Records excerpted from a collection
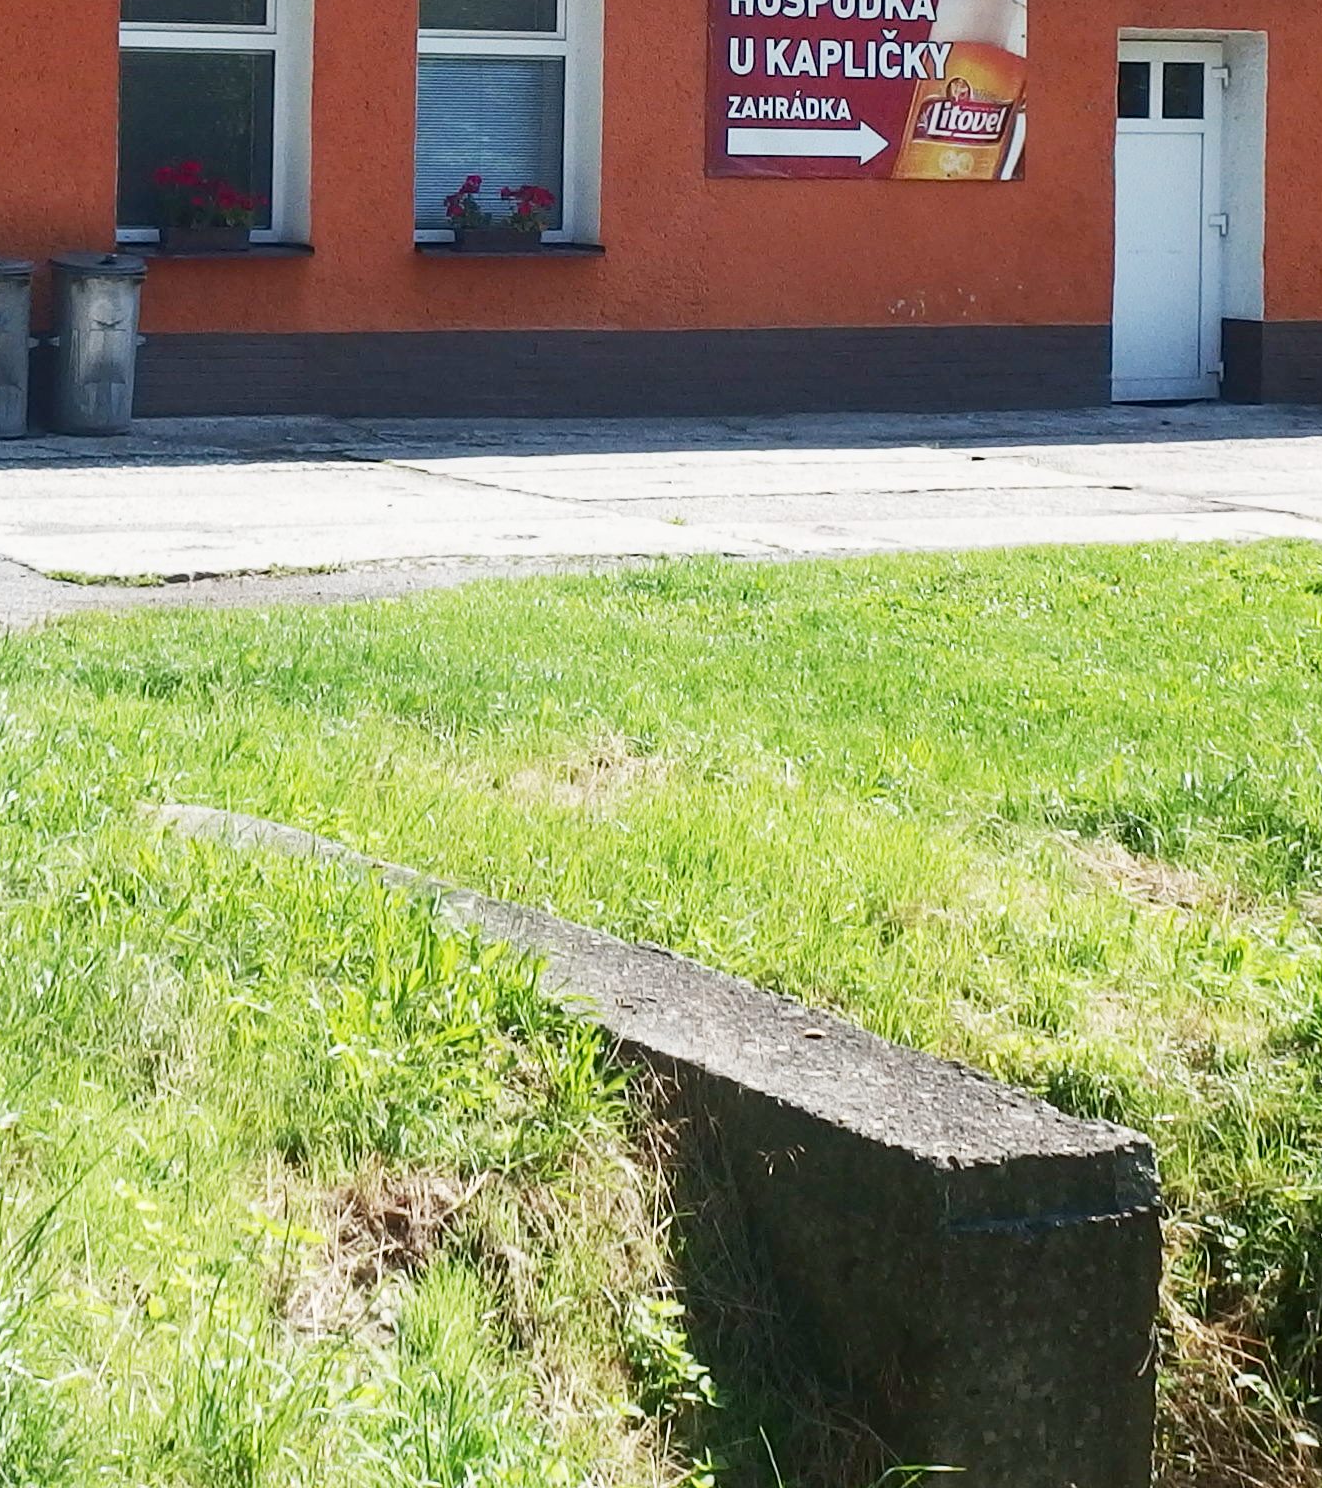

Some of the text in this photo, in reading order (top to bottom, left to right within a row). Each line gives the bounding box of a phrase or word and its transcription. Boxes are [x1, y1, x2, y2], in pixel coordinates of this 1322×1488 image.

[729, 29, 953, 79] U KAPLIČKY
[727, 90, 852, 121] ZAHRÁDKA
[927, 100, 1008, 136] Litovel
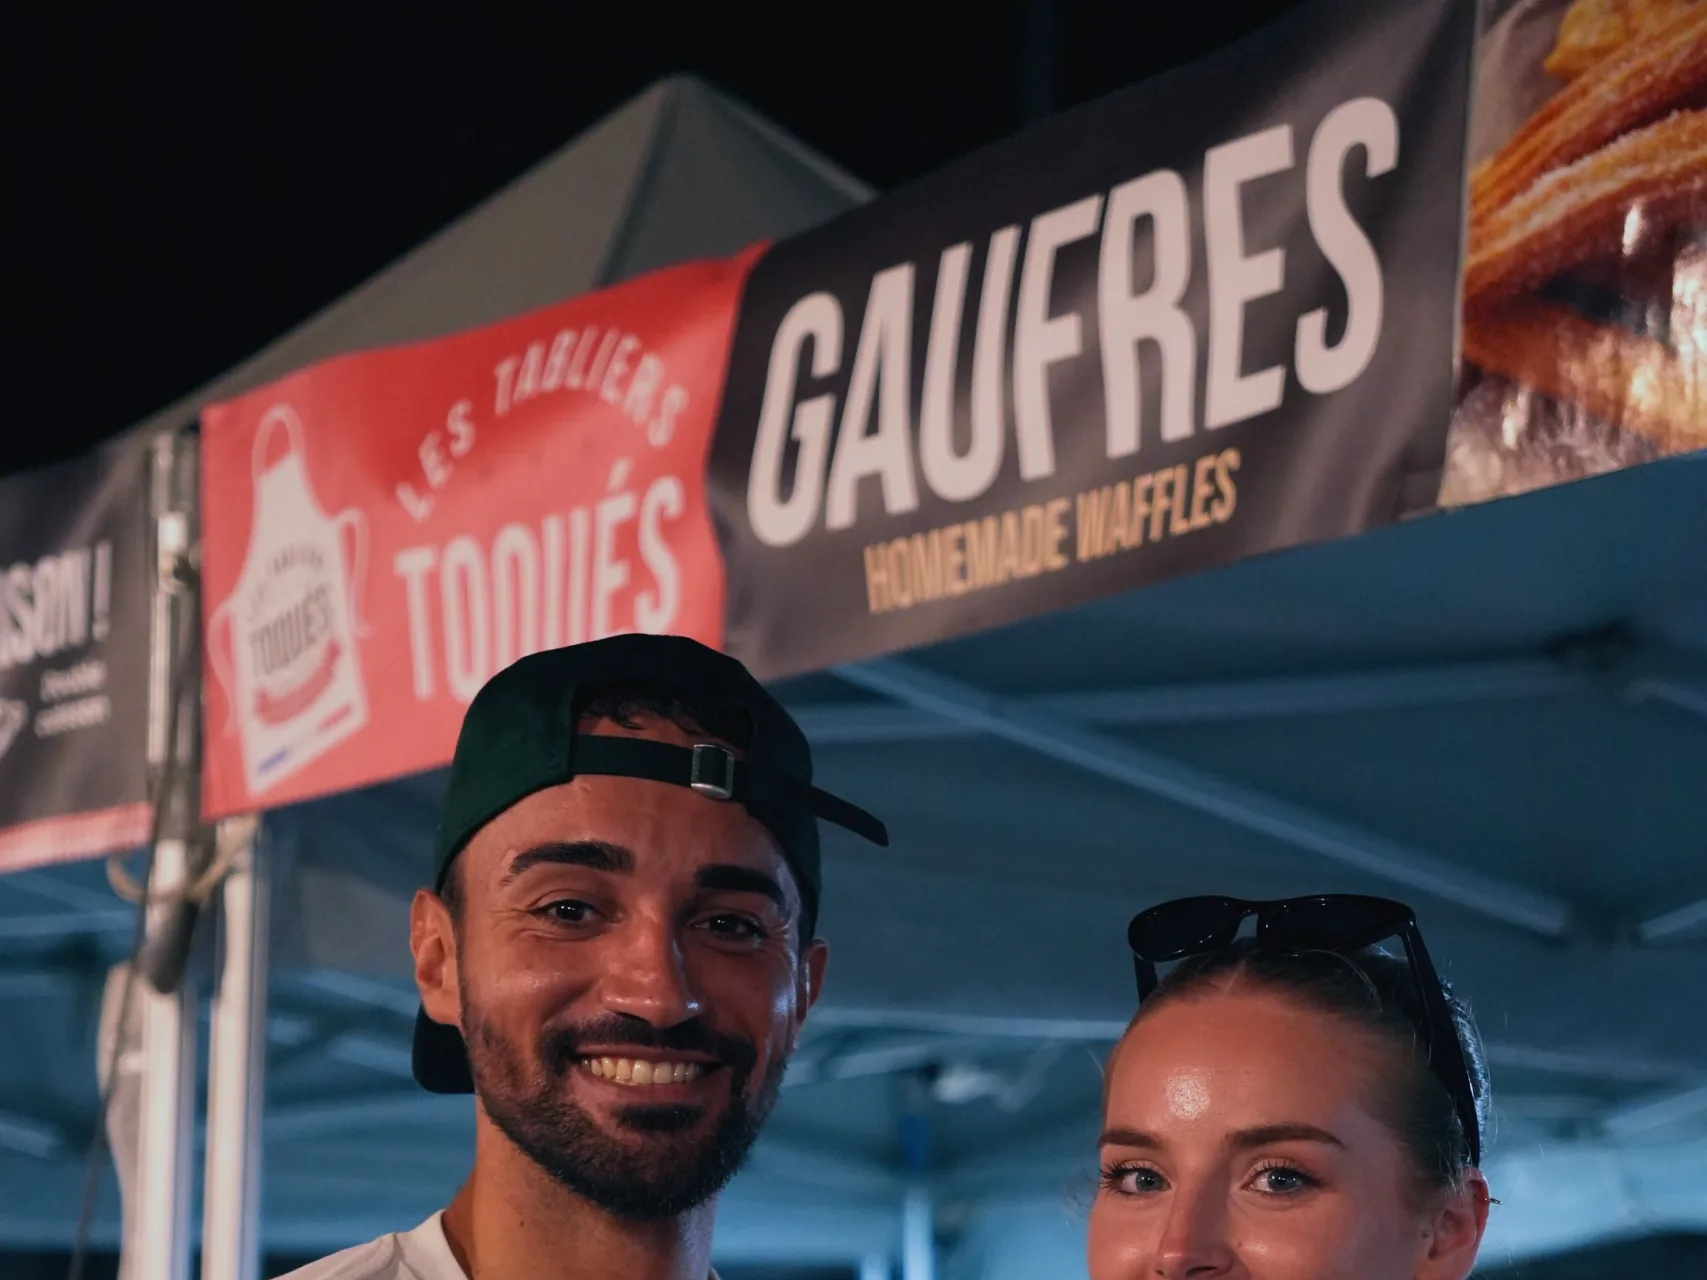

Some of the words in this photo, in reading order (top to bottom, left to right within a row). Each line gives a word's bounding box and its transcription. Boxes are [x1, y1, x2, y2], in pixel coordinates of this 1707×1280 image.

## Work request
The records above, minus their pictures, are to be returned word for word.

## Exercise output
Some of the text in this photo, in reading order (top to bottom, left to right within a row). Each line gives the bounding box of a phrase or word and its transcription. Boxes are [x1, y1, x2, y2], in pixel coordinates of this 1322×1488 image.

[729, 29, 953, 79] U KAPLIČKY
[727, 90, 852, 121] ZAHRÁDKA
[927, 100, 1008, 136] Litovel

Some of the words in this photo, in reading order (top to bottom, left to right within a row). Each line gives a word's bounding box and its transcription. Boxes are [x1, y1, x2, y2], in pixel coordinates of this 1707×1280 image.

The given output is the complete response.